Smart contracts were first proposed by Nick Szabo in 1994 as a way to extend the functionality of electronic transactions to the digital realm. He envisioned smart contracts as computerized protocols that could enforce the terms of a contract using cryptography and logic. Since then, smart contracts have evolved with the development of blockchain technology, especially on platforms like Ethereum.

Smart contracts are composed of code and data that reside at a specific address on the blockchain. They can receive and send transactions, store and manipulate data, and interact with other smart contracts. They can also have a balance of cryptocurrency that they can use to pay for their execution.

Smart contracts are executed by a network of nodes that run the blockchain. Each node follows the same set of rules and verifies that the smart contract code is executed correctly and consistently. Once a smart contract transaction is confirmed, it becomes part of the immutable ledger and cannot be changed or reversed.

Smart contracts have many potential applications in various domains, such as finance, supply chain, insurance, healthcare, and more. For example, a smart contract can be used to automate the payment of dividends to shareholders, to track the delivery of goods and services, to manage insurance claims, or to verify the identity and credentials of patients and providers.
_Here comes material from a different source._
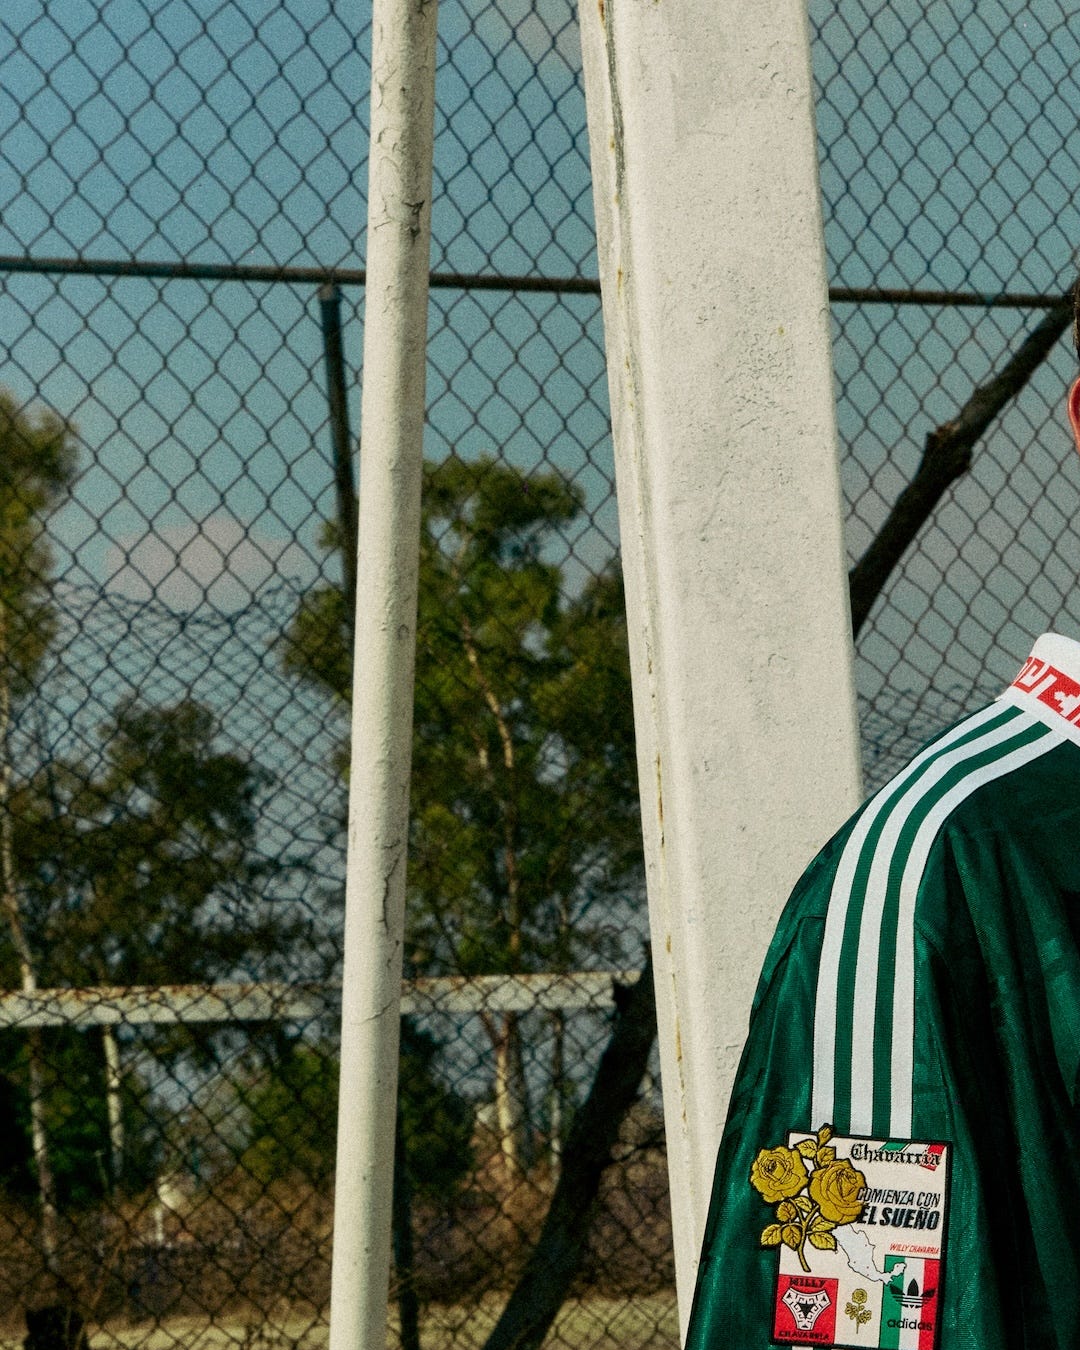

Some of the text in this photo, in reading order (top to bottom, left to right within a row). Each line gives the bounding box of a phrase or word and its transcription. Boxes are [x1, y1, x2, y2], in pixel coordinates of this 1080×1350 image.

Smart contracts are immutable, meaning that once they are deployed on the blockchain, they cannot be modified or deleted. This makes it difficult to fix bugs, update features, or resolve disputes that may arise from the contract execution.

Smart contracts are deterministic, meaning that they will always produce the same output given the same input and state of the blockchain. This makes it hard to incorporate external data or events that may affect the contract logic, such as market prices, weather conditions, or user inputs.

Smart contracts are transparent, meaning that anyone can view the code and the transactions of the contract on the blockchain. This may raise privacy and security issues for some users who do not want their data or activities to be exposed to the public.

Smart contracts are costly, meaning that they consume computational resources and network fees to execute on the blockchain. This may limit the scalability and efficiency of some applications that require high throughput or low latency.

Therefore, smart contracts are not a one-size-fits-all solution for every use case. They require careful design, testing, and auditing to ensure their correctness, security, and performance. They also require a clear understanding of the legal and regulatory implications of using them in different jurisdictions and contexts.